--- START ---

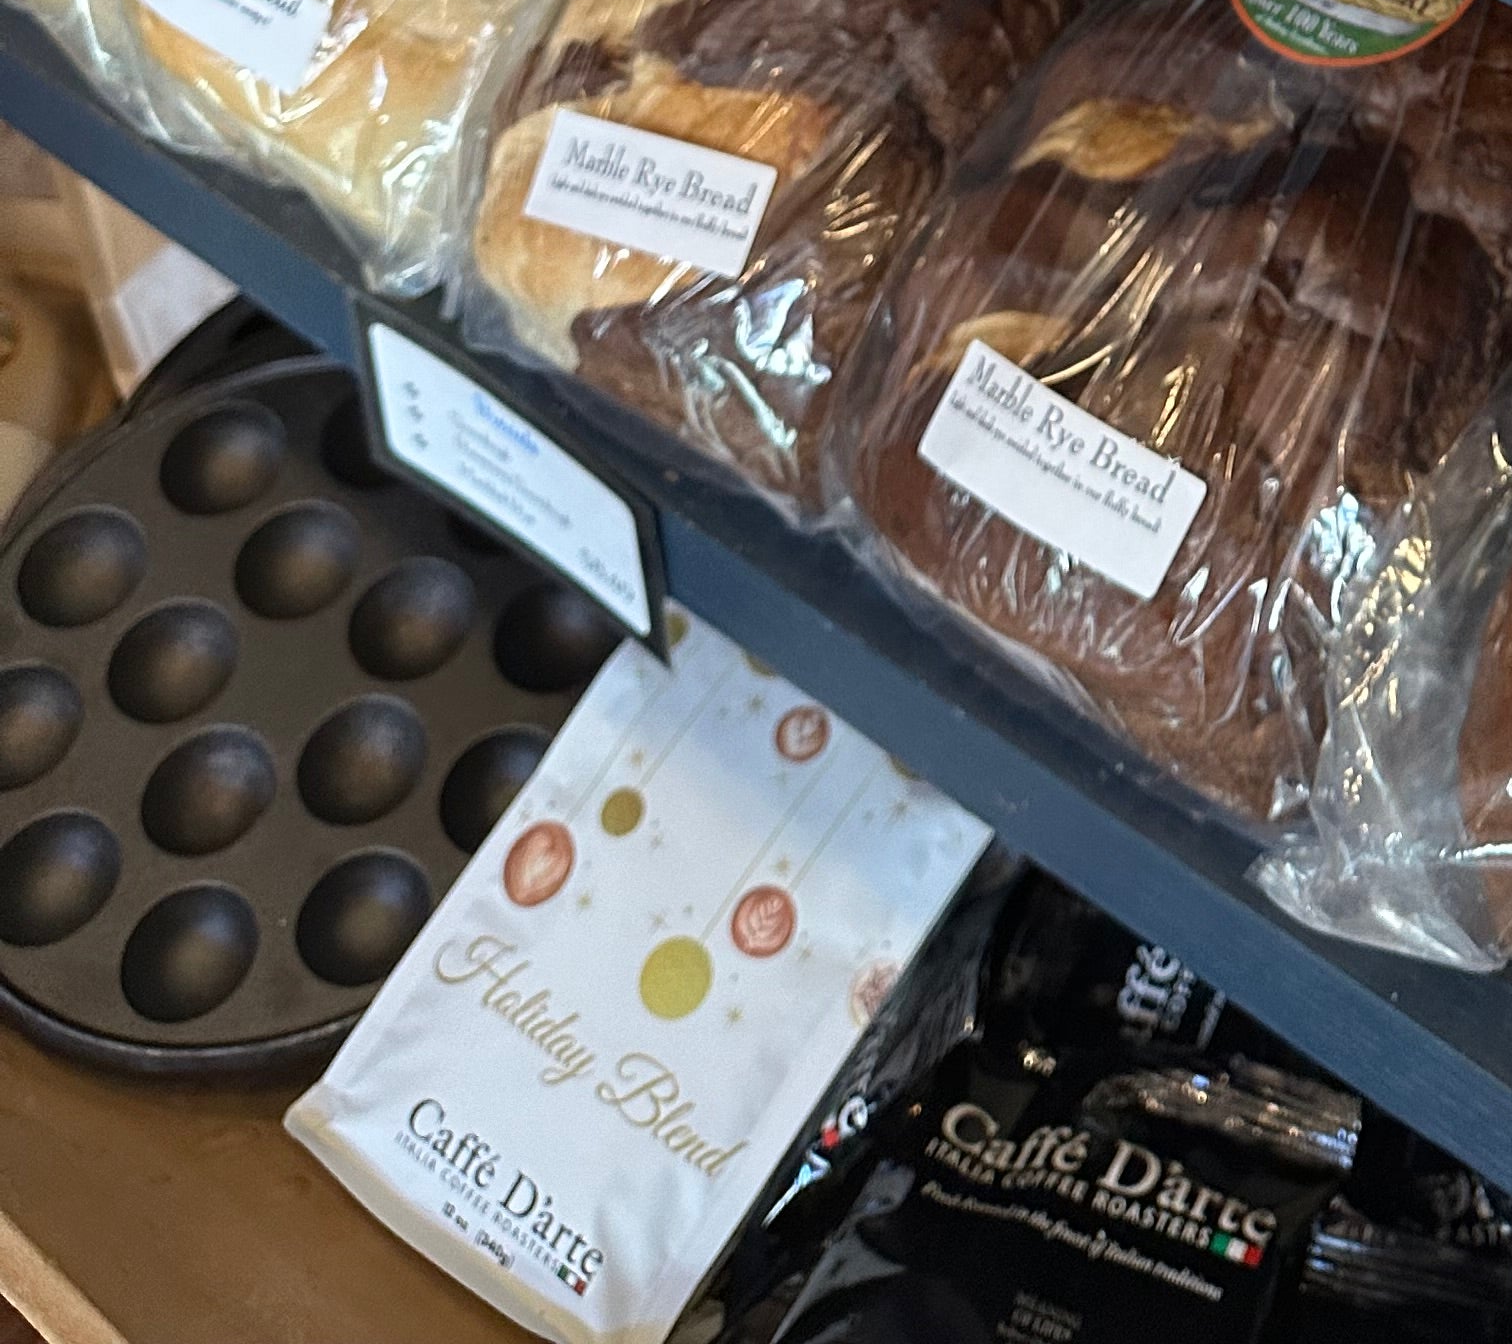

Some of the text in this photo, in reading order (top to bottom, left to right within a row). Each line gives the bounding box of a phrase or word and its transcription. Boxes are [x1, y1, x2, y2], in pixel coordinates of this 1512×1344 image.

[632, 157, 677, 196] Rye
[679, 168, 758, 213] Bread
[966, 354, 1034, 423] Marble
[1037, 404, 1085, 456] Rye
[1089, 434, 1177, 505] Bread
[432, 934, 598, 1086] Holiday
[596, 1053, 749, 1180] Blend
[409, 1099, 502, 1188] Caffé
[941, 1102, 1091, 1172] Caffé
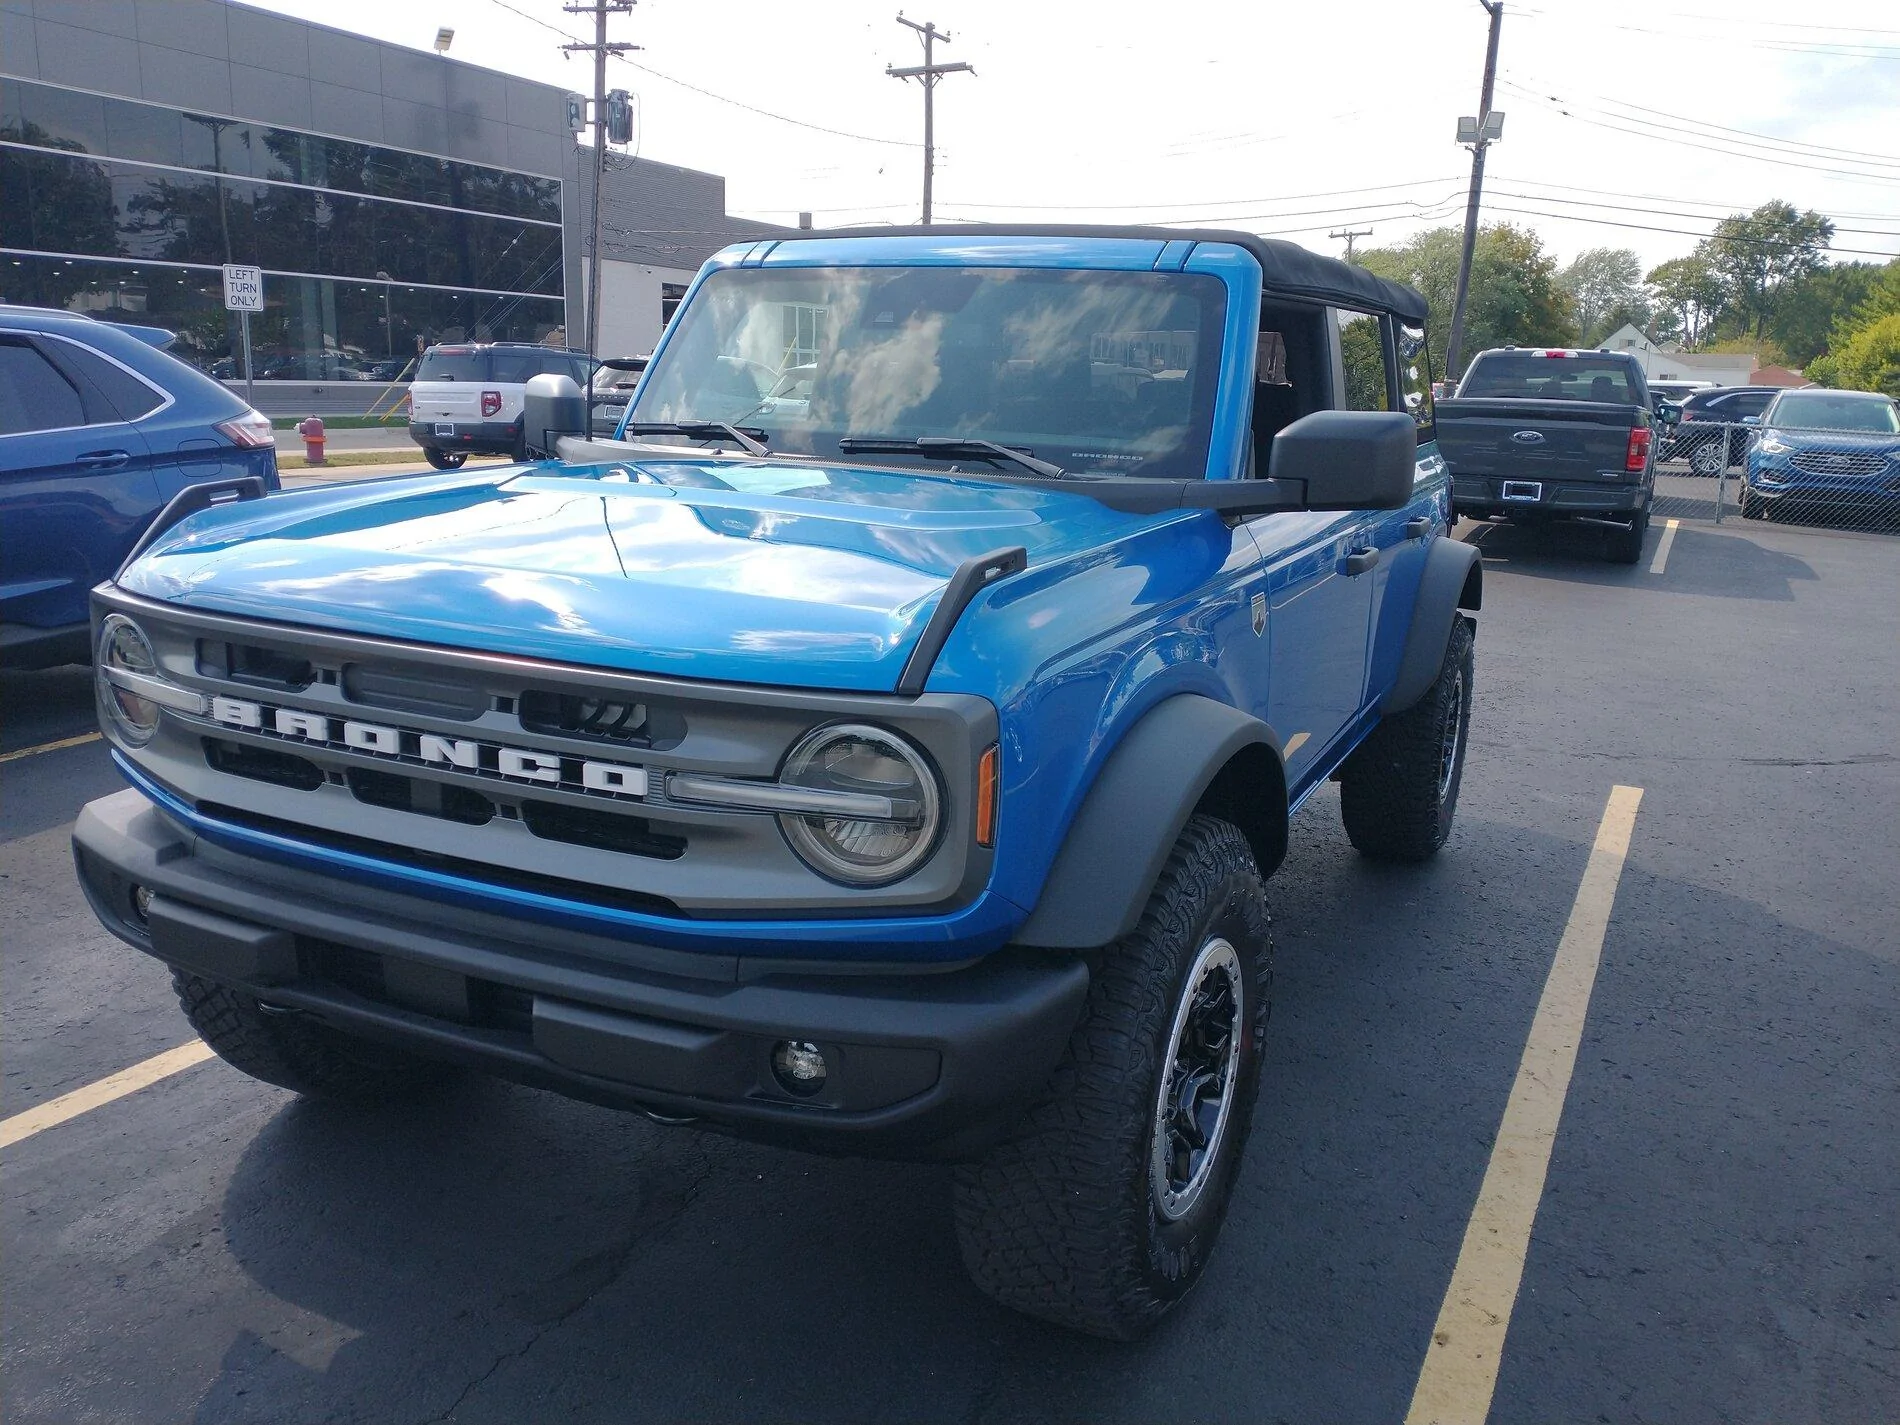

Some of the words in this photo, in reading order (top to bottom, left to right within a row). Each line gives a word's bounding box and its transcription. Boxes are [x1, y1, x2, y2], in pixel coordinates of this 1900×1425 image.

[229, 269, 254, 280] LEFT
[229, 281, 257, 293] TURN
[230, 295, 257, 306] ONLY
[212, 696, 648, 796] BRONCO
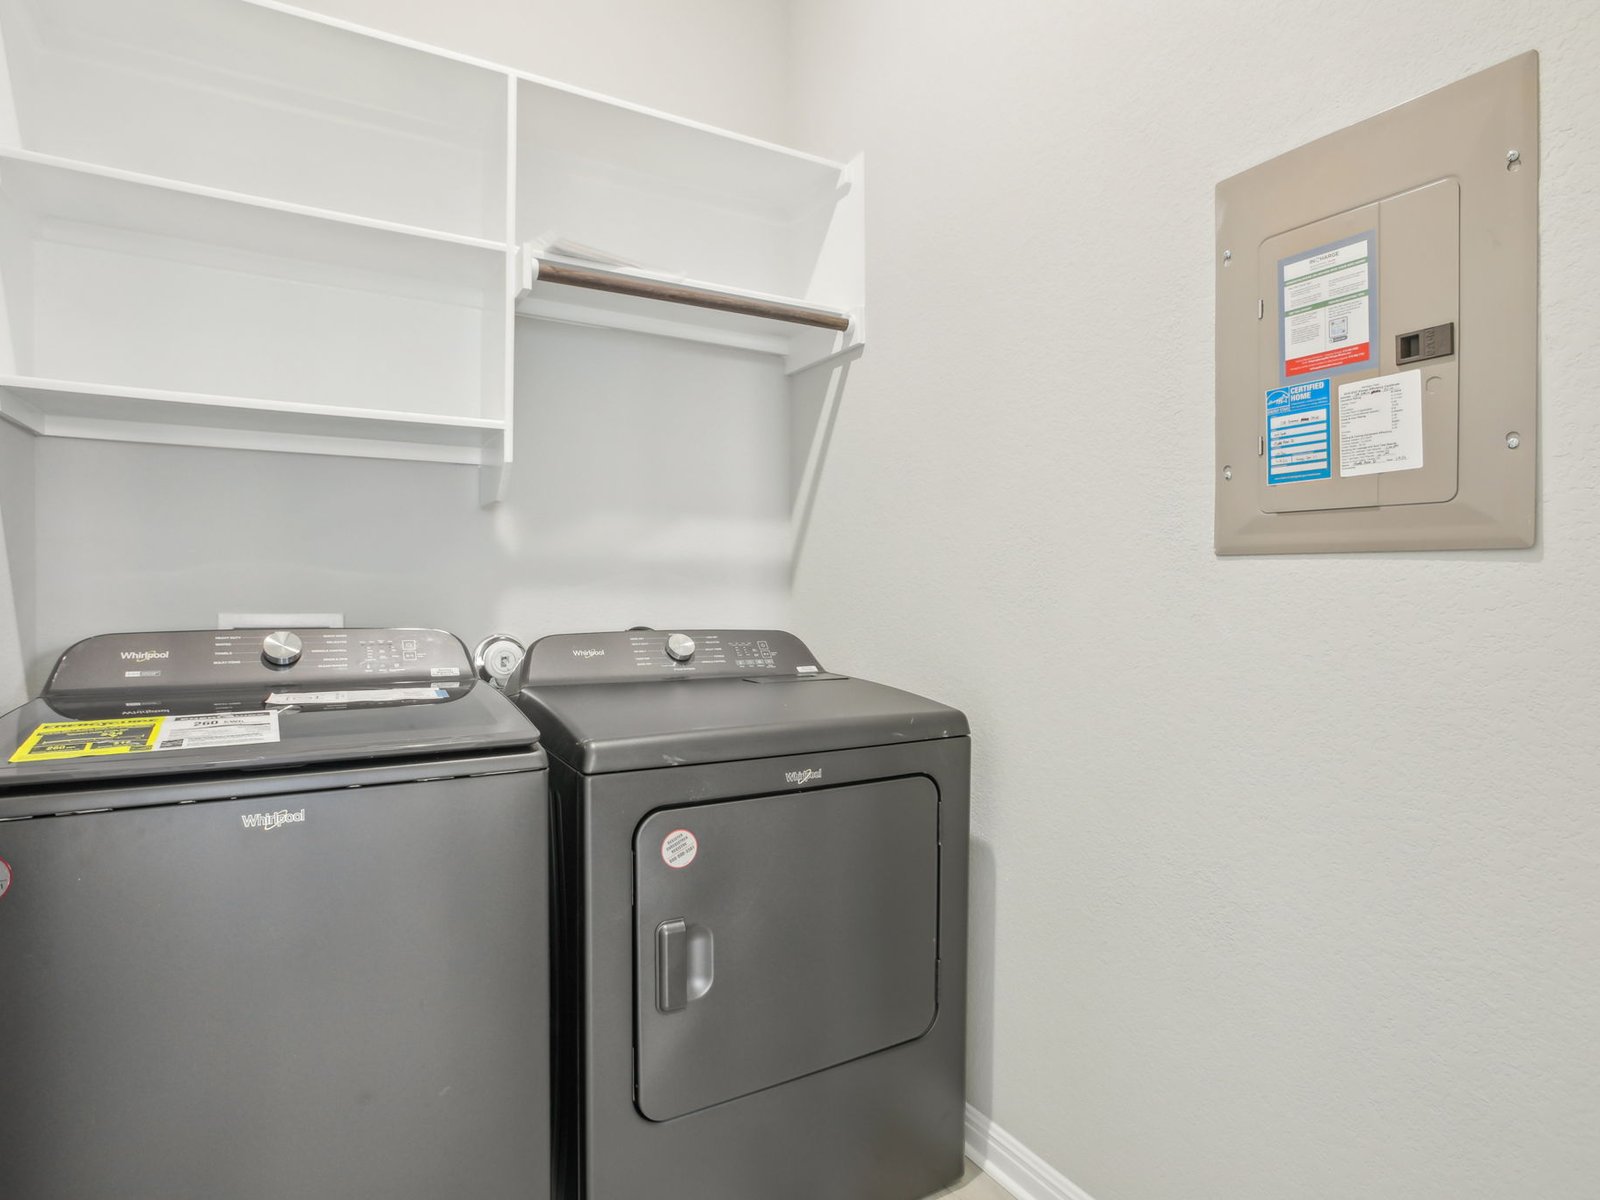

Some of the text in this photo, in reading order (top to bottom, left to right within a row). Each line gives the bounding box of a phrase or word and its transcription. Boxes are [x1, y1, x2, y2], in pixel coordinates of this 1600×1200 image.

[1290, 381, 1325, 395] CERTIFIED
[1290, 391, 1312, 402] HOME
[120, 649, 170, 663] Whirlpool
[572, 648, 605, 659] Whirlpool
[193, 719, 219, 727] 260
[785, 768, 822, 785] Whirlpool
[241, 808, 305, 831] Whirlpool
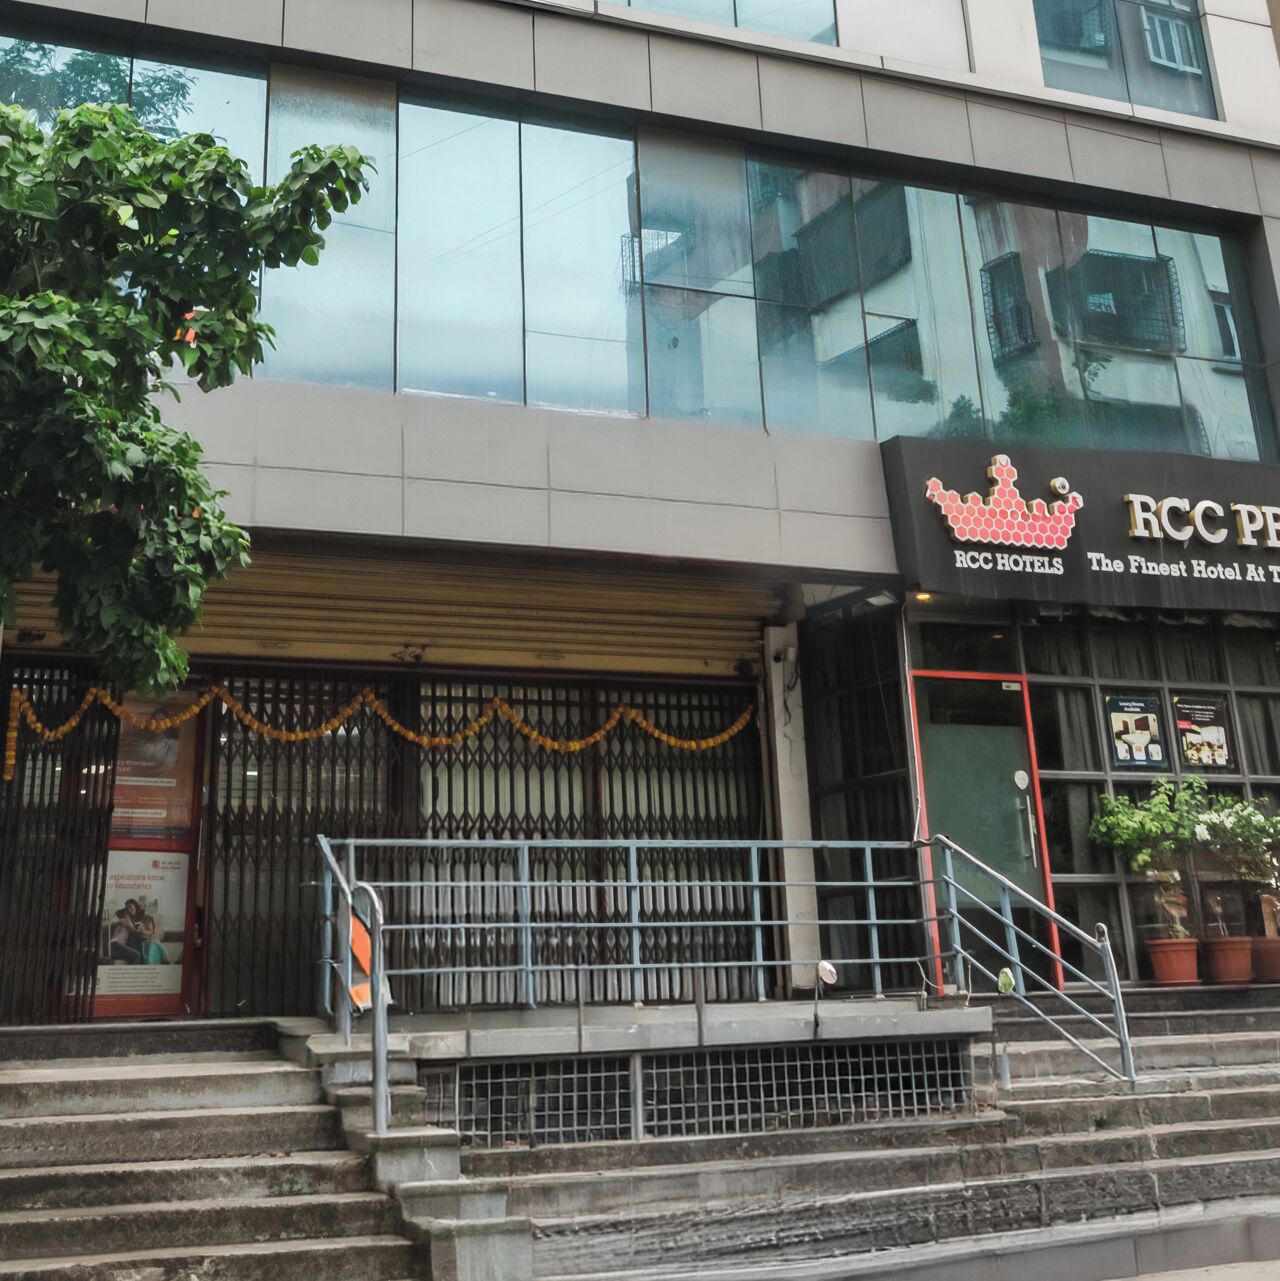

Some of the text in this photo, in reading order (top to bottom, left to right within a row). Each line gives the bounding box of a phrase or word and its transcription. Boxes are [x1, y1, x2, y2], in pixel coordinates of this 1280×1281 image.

--- END ---

* [About this exercise] Return the records above verbatim, images excluded.

* [Finished task]
Some of the text in this photo, in reading order (top to bottom, left to right within a row). Each line gives the bounding box of a phrase or word and its transcription. Boxes are [x1, y1, x2, y2], in pixel coordinates of this 1512×1344 image.

[632, 157, 677, 196] Rye
[679, 168, 758, 213] Bread
[966, 354, 1034, 423] Marble
[1037, 404, 1085, 456] Rye
[1089, 434, 1177, 505] Bread
[432, 934, 598, 1086] Holiday
[596, 1053, 749, 1180] Blend
[409, 1099, 502, 1188] Caffé
[941, 1102, 1091, 1172] Caffé

Some of the words in this photo, in reading order (top to bottom, left to right within a row). Each line gives a word's bounding box and its transcription. Boxes are [x1, y1, x2, y2], in pixel coordinates of this 1900×1425 image.

[229, 269, 254, 280] LEFT
[229, 281, 257, 293] TURN
[230, 295, 257, 306] ONLY
[212, 696, 648, 796] BRONCO

Some of the text in this photo, in reading order (top to bottom, left to right within a row). Each line gives the bounding box of a phrase or word and its transcription. Boxes are [x1, y1, x2, y2], in pixel coordinates of this 1600×1200 image.

[1290, 381, 1325, 395] CERTIFIED
[1290, 391, 1312, 402] HOME
[120, 649, 170, 663] Whirlpool
[572, 648, 605, 659] Whirlpool
[193, 719, 219, 727] 260
[785, 768, 822, 785] Whirlpool
[241, 808, 305, 831] Whirlpool

Some of the text in this photo, in reading order (top to bottom, left to right within a row). Each line gives the bounding box of a phrase or word and its transcription. Boxes are [x1, y1, x2, y2], in pixel coordinates of this 1280×1281 image.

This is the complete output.